First, I used spray starch as one reader suggested. The flannel backed satin can be kinda squirmy when you are pinning and sewing. The spray starch helped get all the wrinkles out of the fabric and made it beautifully crisp. It was still squirmy though, especially during sewing. So, even though it didn’t help for the intended problem I would still suggest using it because it makes even look neater and helps keep corners straight.
Second, I cut my 20 1/2 inch square with much more ease than last time. This was what I did. I ironed and starched the fabric. Then I lined up the cutting edge of the fabric so that it was on the left side of the cutting mat. I used the lines on my mat to make a straight line. Then I rotated the fabric 90 degrees clockwise so that the next raw edge was lined up on the left side of the cutting mat and the freshly cut side was facing up. I lined the top freshly cut side up with the lines on my mat to make sure every thing was straight befor ei made the next cut. Then I measured 20 1/2 inches and made a cut on the left side of the fabric just like before. Then I rotated again. I know this sounds complicated but once you lay out the fabric it should make sense. I found this beneficial because it meant less pulling and tuggin onthe fabric so it stayed straight. It also allowed me to easily uses the lines on the mat to make my cut. Note: The only reason I oriented the fabric to make my cut on the left end of the fabric is because I am right handed.
Third, I wasn’t very careful this time ( I was in a hurry) and I didn’t arrange everything as neat as before. Nor did I check to make sure I had perfectly square corners. This resulted in less than perfect mitered corners.

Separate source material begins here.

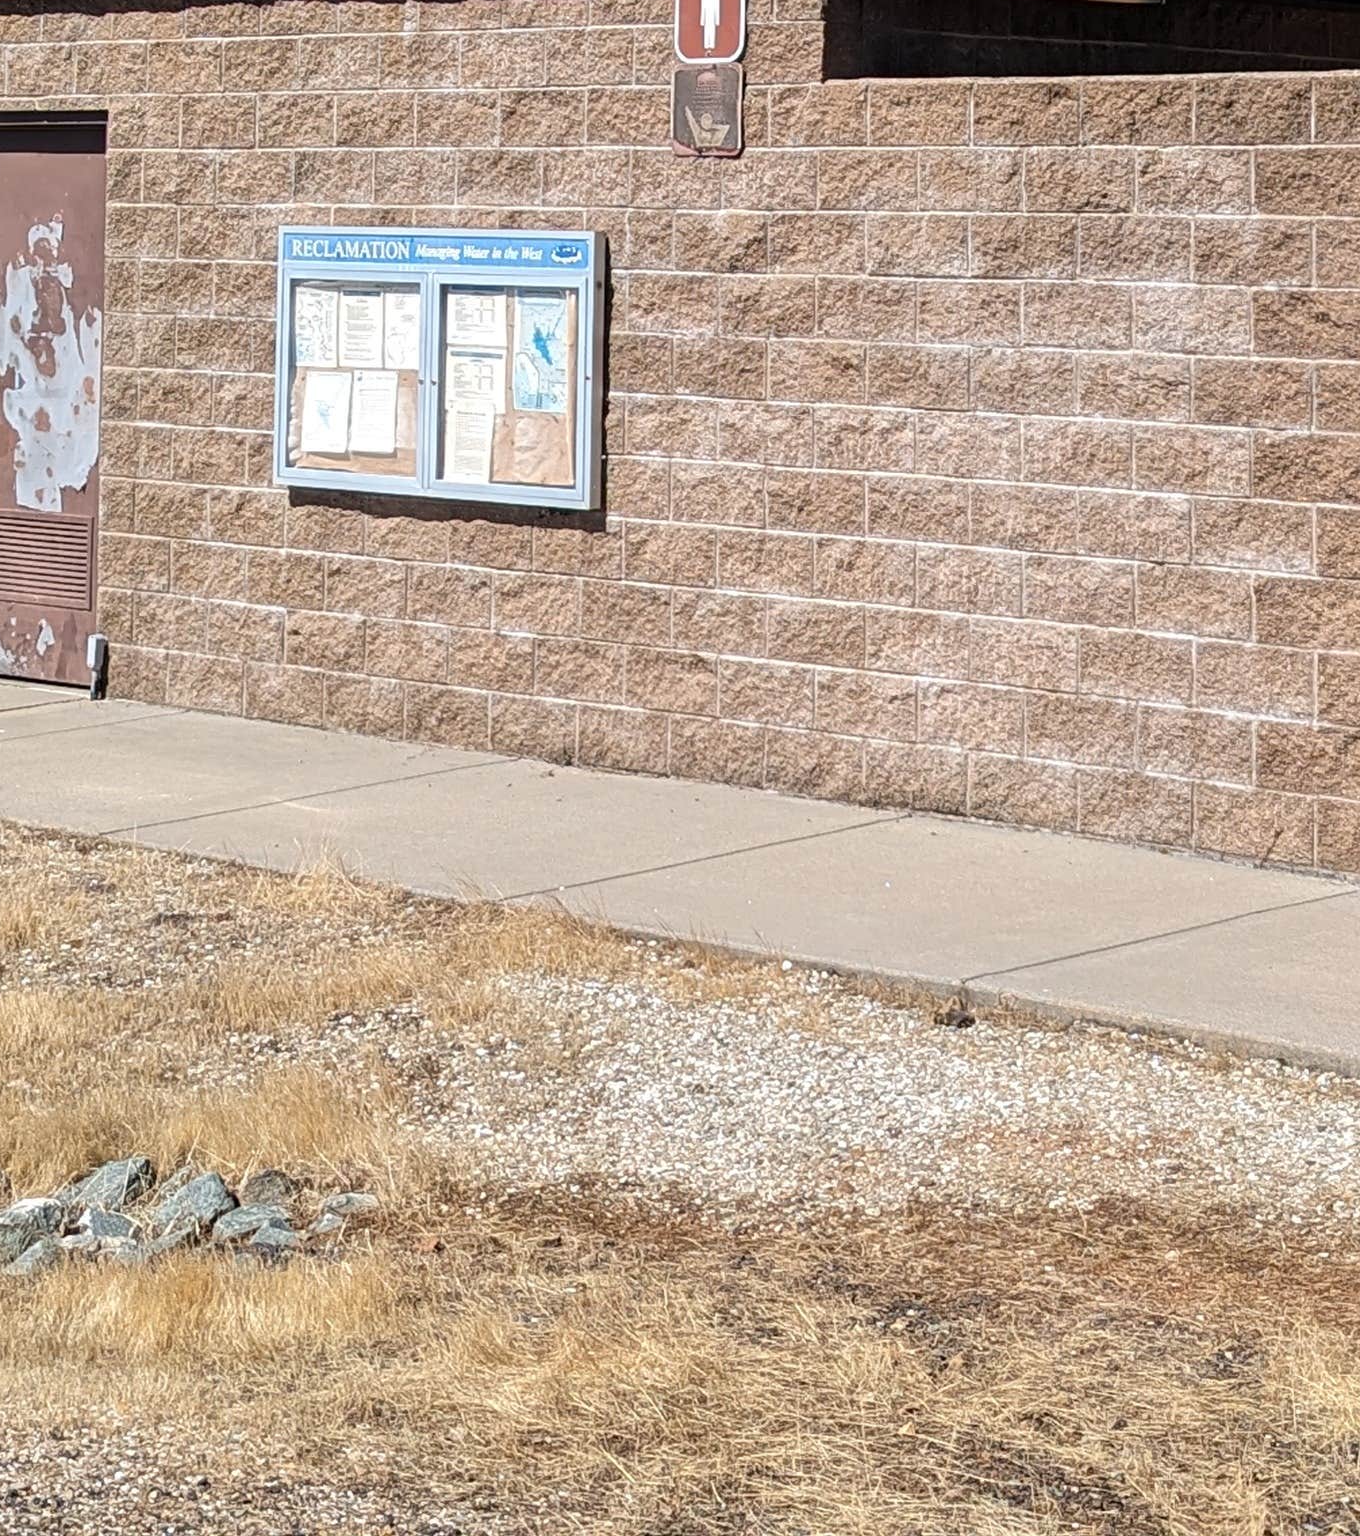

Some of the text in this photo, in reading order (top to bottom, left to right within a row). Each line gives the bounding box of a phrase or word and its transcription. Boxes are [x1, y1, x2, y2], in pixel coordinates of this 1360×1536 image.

[292, 238, 544, 260] RECLAMATION Managing Water in the West
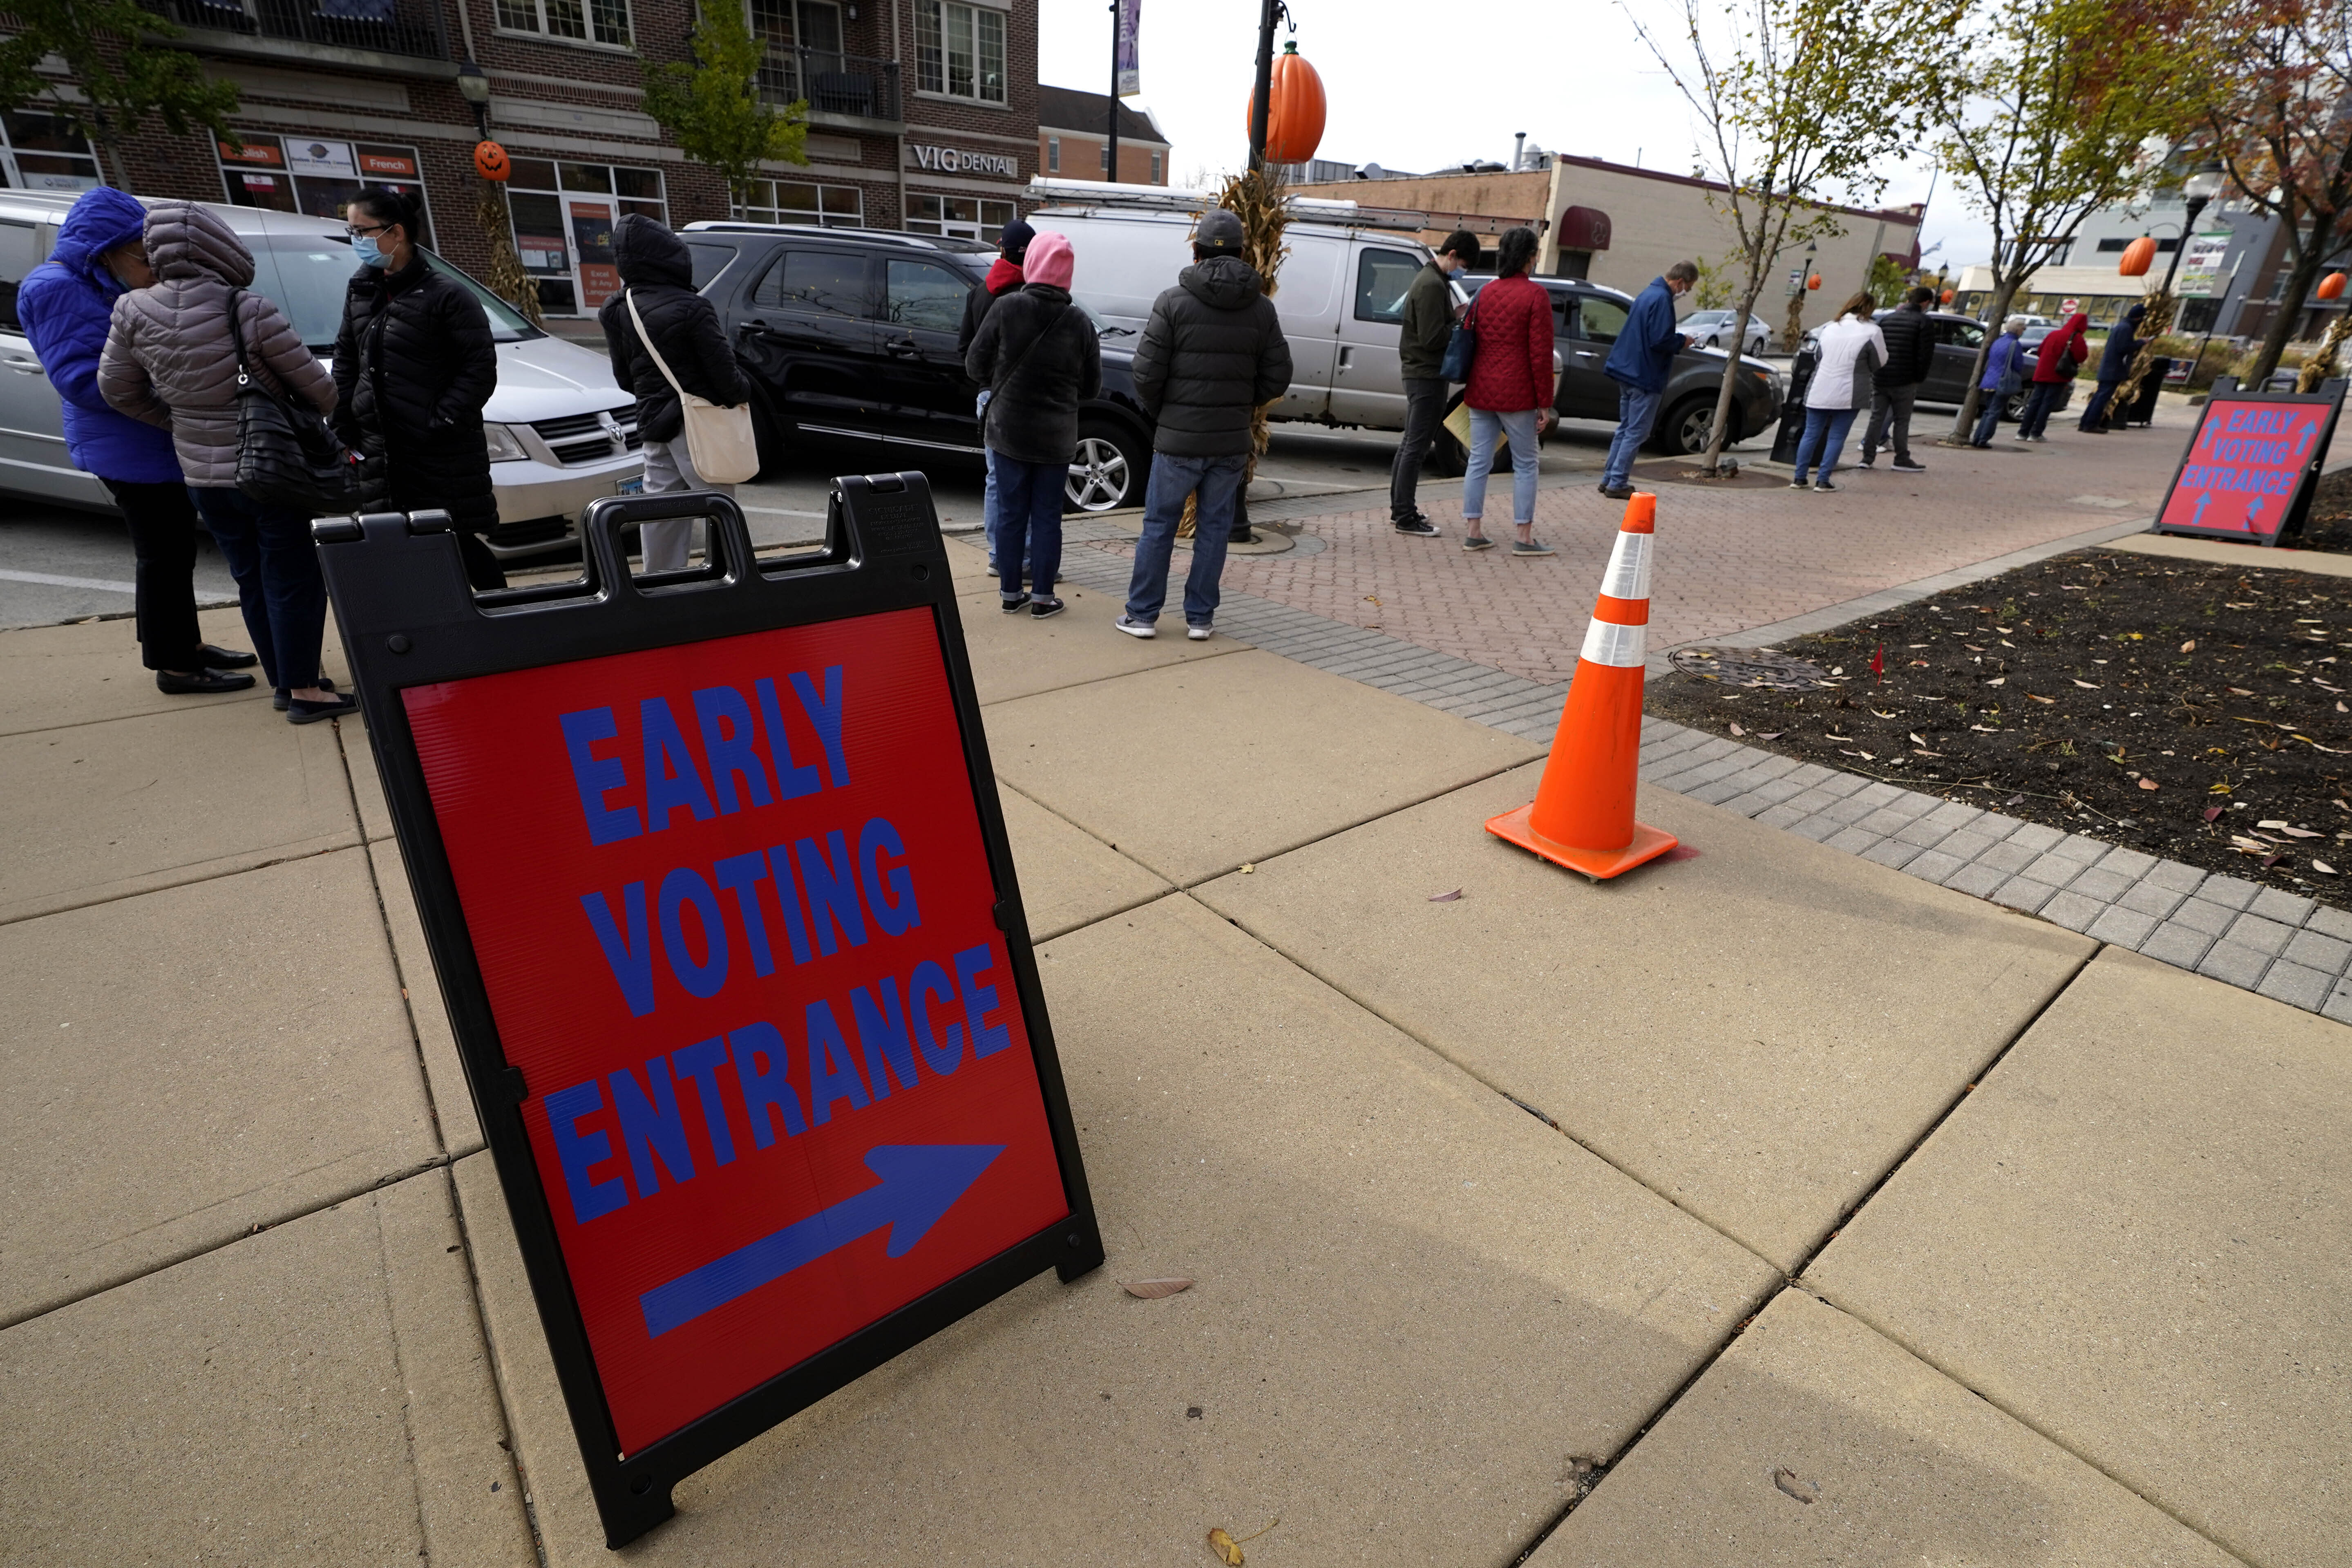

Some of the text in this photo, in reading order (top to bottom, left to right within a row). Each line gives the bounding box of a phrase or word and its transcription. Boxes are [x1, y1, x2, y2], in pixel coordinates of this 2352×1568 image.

Fourth, I learned that when your mitered corners are not straight you can fix them. Just turn the blanket right side out, use a bone folder or other utensil to push out the corners. Next visually inspect the corners. They will usually tell you themselves what their problem is. Mine needed to be either taken in another 1/4 inch or it needed a tapered seam. Meaning I started my seam at the 1/4 inch stopping point shown in the tutorial, but I had to make a tapered line that increasingly opened as I reached the other end. This solved my problems. The finished minky was not perfectly square but at least the corners looked better than they did on my first try.
Hope these tips helped.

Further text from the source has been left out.